🤖 AI Summary
This paper addresses the weak causality and poor stability of existing global explanation methods for deep neural networks (DNNs). To this end, we introduce—*for the first time*—the notion of *Intrinsic Causal Contribution (ICC)*, modeling DNNs as structural causal models (SCMs) and establishing an identifiable generative posterior explanation framework. Theoretically, we derive a rigorous equivalence between ICC and Sobol’ sensitivity indices, thereby transcending conventional direct/indirect effect paradigms and enabling unbiased quantification of the intrinsic causal effects of input features.

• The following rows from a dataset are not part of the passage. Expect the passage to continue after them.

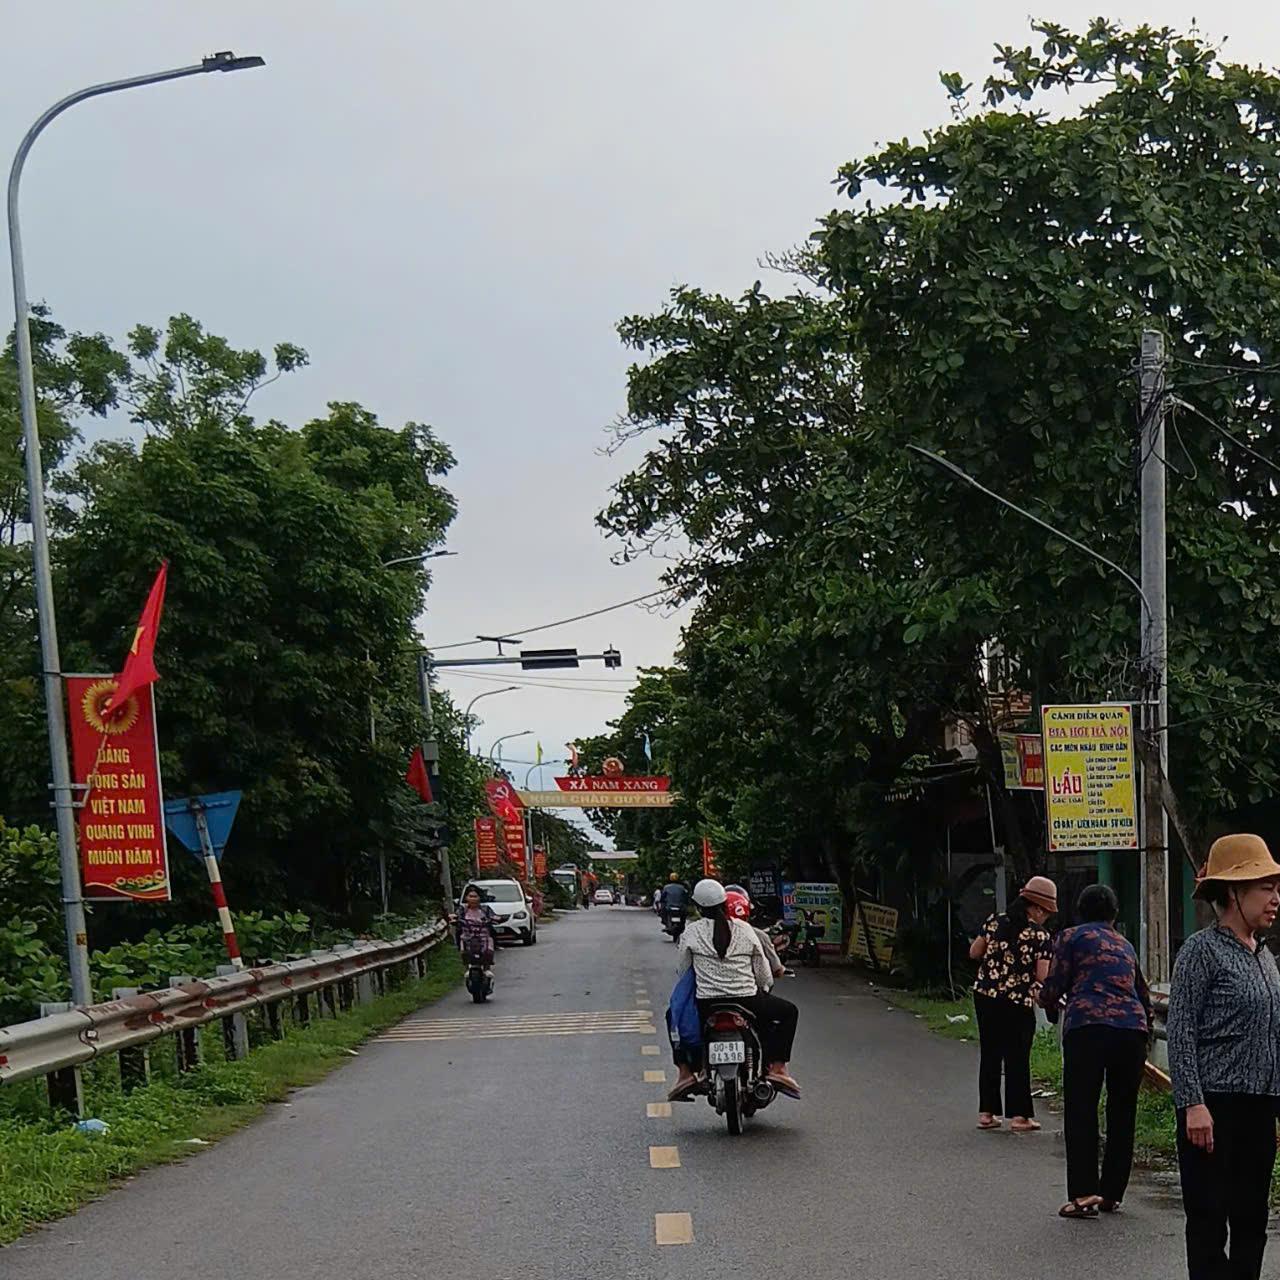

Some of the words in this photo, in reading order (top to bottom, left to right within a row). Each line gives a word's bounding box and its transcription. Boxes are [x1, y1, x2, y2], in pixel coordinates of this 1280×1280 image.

[121, 769, 146, 789] SẢN
[592, 780, 619, 790] NAM
[624, 780, 659, 790] XANG
[1052, 767, 1082, 794] LẨU
[90, 796, 116, 818] VIỆT
[118, 799, 146, 814] NAM
[85, 824, 125, 841] QUANG
[127, 824, 155, 839] VINH
[88, 847, 122, 865] MUÔN
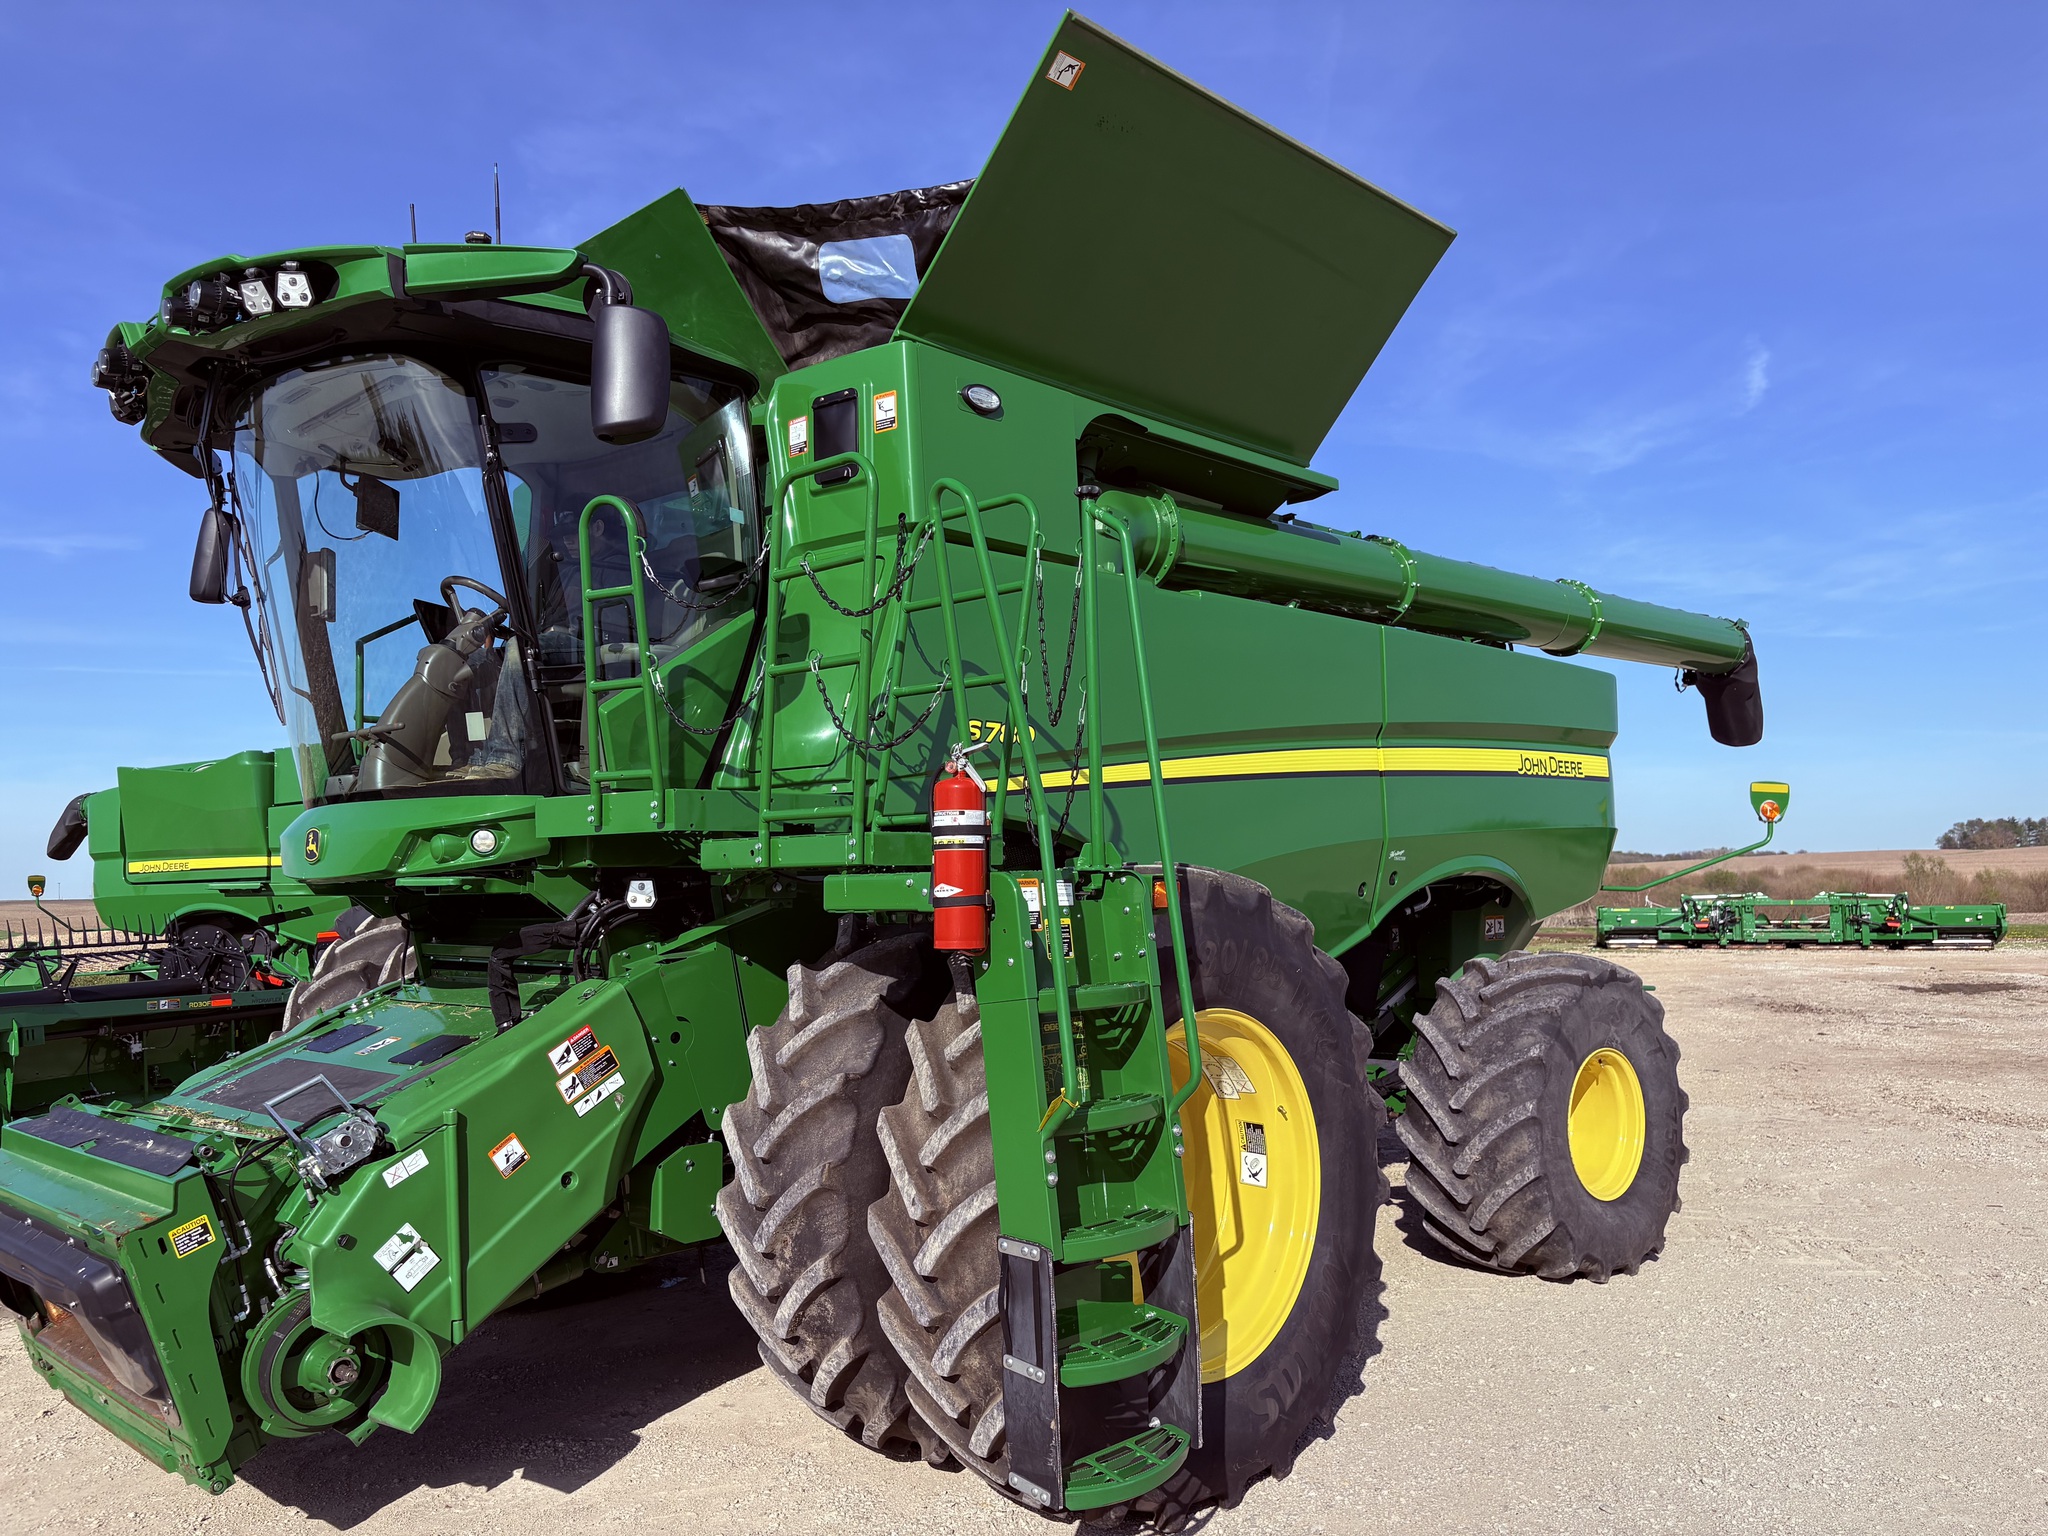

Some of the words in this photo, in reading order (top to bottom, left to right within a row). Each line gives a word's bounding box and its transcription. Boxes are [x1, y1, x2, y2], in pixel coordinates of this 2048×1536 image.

Methodologically, we integrate causal intervention estimation with generative posterior inference. Extensive experiments on synthetic and real-world datasets demonstrate that ICC yields more intuitive and significantly more robust global attributions than state-of-the-art approaches—including SHAP and Integrated Gradients—thereby laying a novel foundation for causal interpretability in trustworthy AI.
📝 Abstract
Quantifying the causal influence of input features within neural networks has become a topic of increasing interest. Existing approaches typically assess direct, indirect, and total causal effects. This work treats NNs as structural causal models (SCMs) and extends our focus to include intrinsic causal contributions (ICC). We propose an identifiable generative post-hoc framework for quantifying ICC. We also draw a relationship between ICC and Sobol' indices. Our experiments on synthetic and real-world datasets demonstrate that ICC generates more intuitive and reliable explanations compared to existing global explanation techniques.